Modulation of the dissolution with ASP from a supersaturated solution on a bionic platform for gout pathology crystals

Colloids Surf B Biointerfaces. 2024 Feb 15;236:113803. doi: 10.1016/j.colsurfb.2024.113803. Online ahead of print.ABSTRACTThe core to the treatment of gout is the elimination of pathologic crystal, monosodium urate monohydrate (MSUM). The primary treatment available is to gradually dissolve the "culprit crystals" by lowering the blood uric acid concentration with medications, which often takes a long time and in severe cases must still be treated surgically.
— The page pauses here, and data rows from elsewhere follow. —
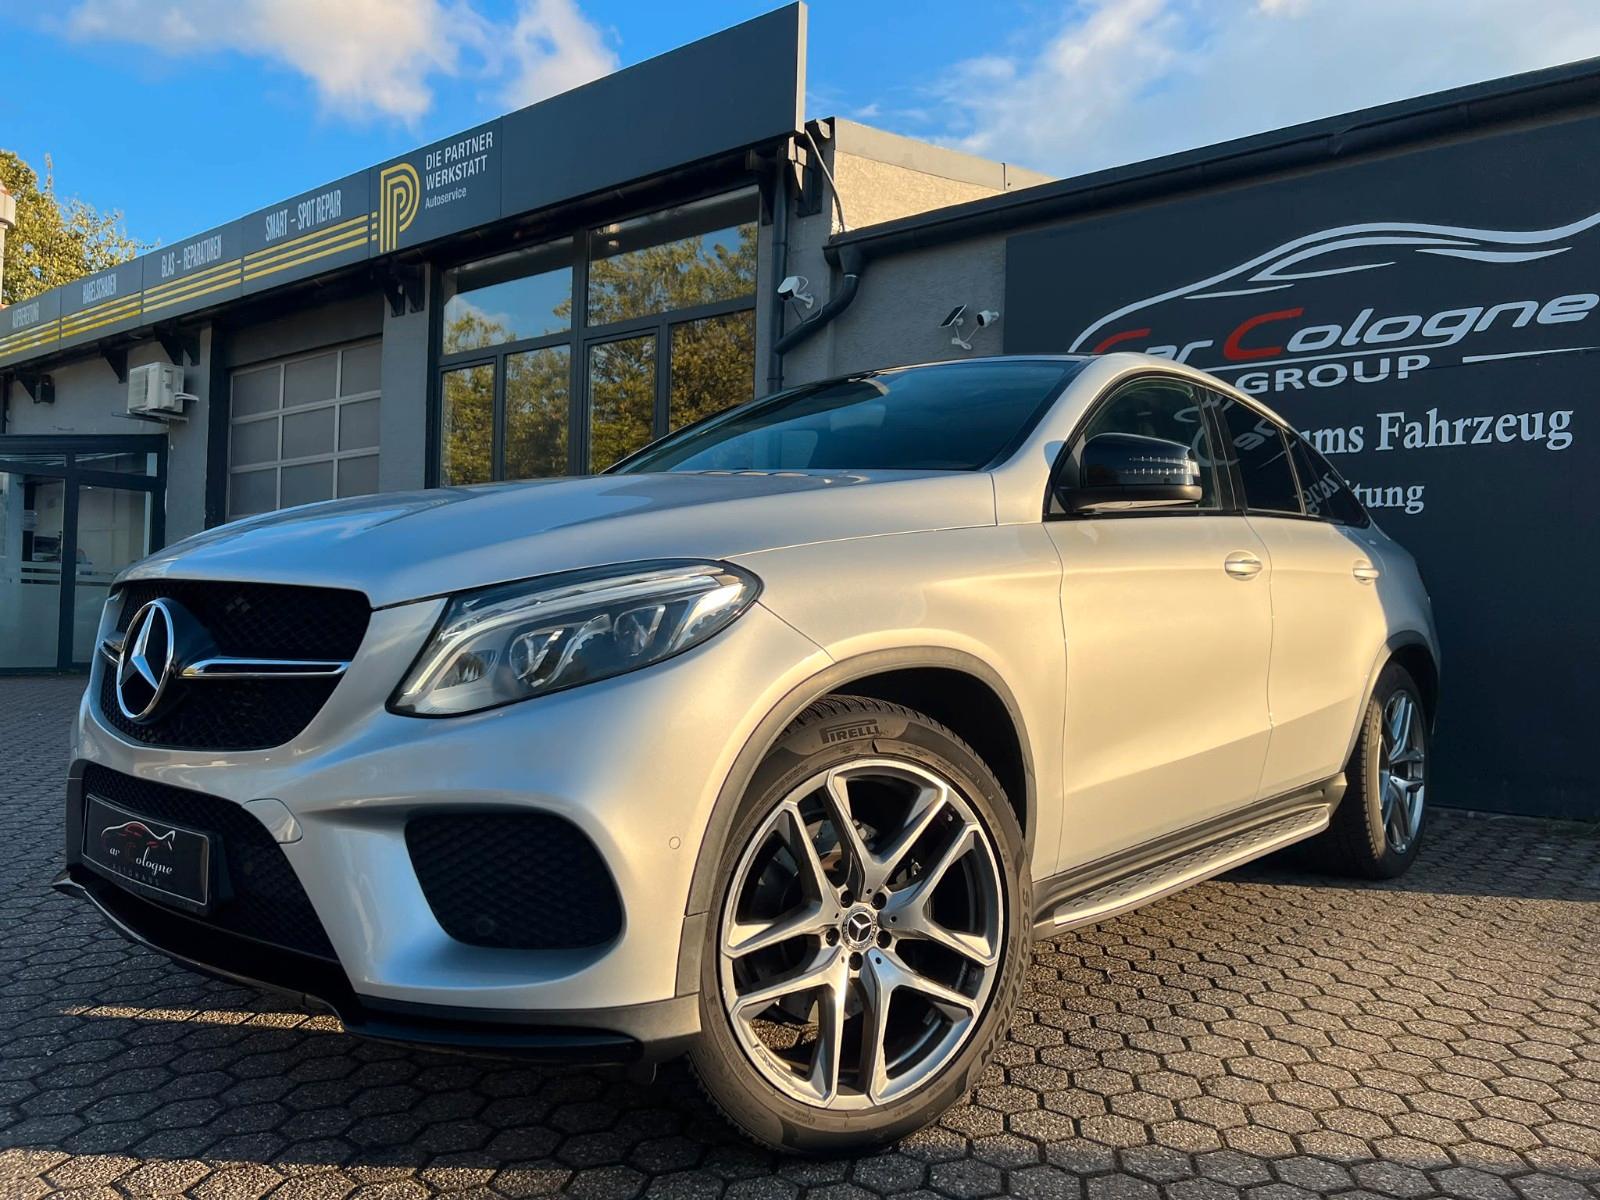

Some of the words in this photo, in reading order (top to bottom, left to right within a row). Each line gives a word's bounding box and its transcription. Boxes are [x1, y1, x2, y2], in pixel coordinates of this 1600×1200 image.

[426, 150, 442, 171] DIE
[445, 131, 493, 163] PARTNER
[426, 155, 488, 191] WERKSTATT
[265, 209, 288, 242] SMART
[297, 199, 316, 231] SPOT
[316, 189, 342, 224] REPAIR
[425, 187, 467, 209] Autoservice
[161, 252, 175, 278] GLAS
[1223, 293, 1600, 361] Cologne
[1234, 354, 1431, 395] GROUP
[1375, 407, 1574, 451] Fahrzeug
[819, 718, 880, 744] PIRELLI
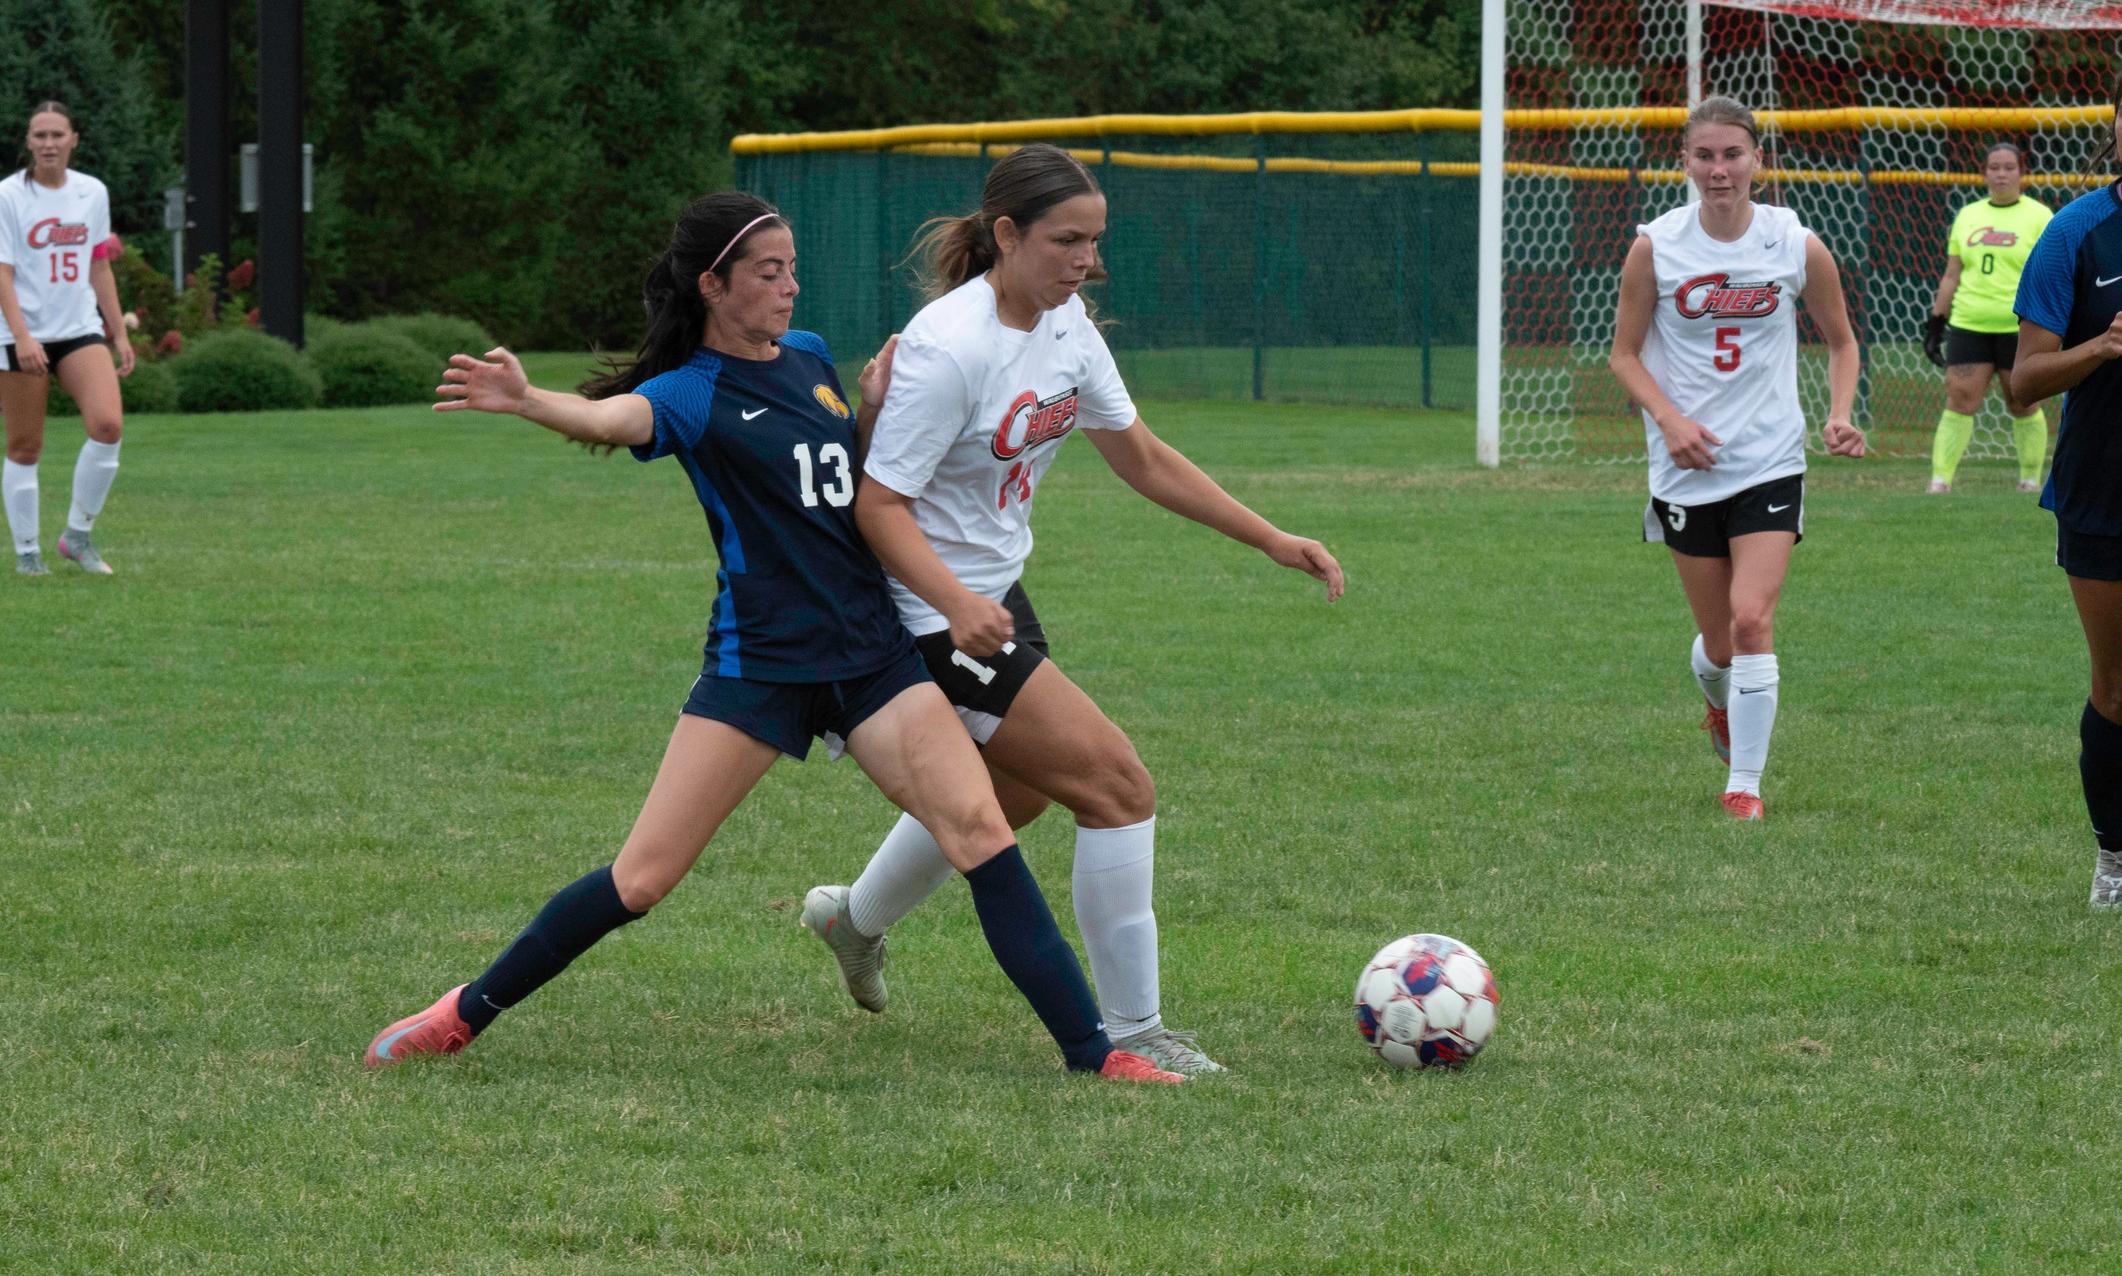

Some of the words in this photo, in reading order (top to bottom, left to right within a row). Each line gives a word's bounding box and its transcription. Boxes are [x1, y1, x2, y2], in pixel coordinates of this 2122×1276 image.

Herein, we developed a dynamic bionic platform based on a hydrogel composite membrane (HCM) to screen the direct facilitated solubilization of MSUM crystals by small organic molecules in bionic saturated, or even supersaturated, solutions. The customized and biologically safe (NAGA/PEGDA/NIPAM) HCM, which is consistent with the main amino acid composition of articular cartilage, well mimics the entire process of organic molecules leading to the dissolution of MSUM crystals in the joint system. With the verifications of this platform, it is shown that l-aspartic acid (ASP) significantly promotes the dissolution of MSUM crystals not only in saturated but also in supersaturated solutions. Furthermore, a novel mechanism called "crane effect" was used to explain this "dissolution effect" of ASP on MSUM, which stems from the ability of ASP to lock onto the surface of MSUM crystals through hydrogen bonding by virtue of its two carboxyl groups, and simultaneously its amino group lifts the uric acid molecules from the surface of M...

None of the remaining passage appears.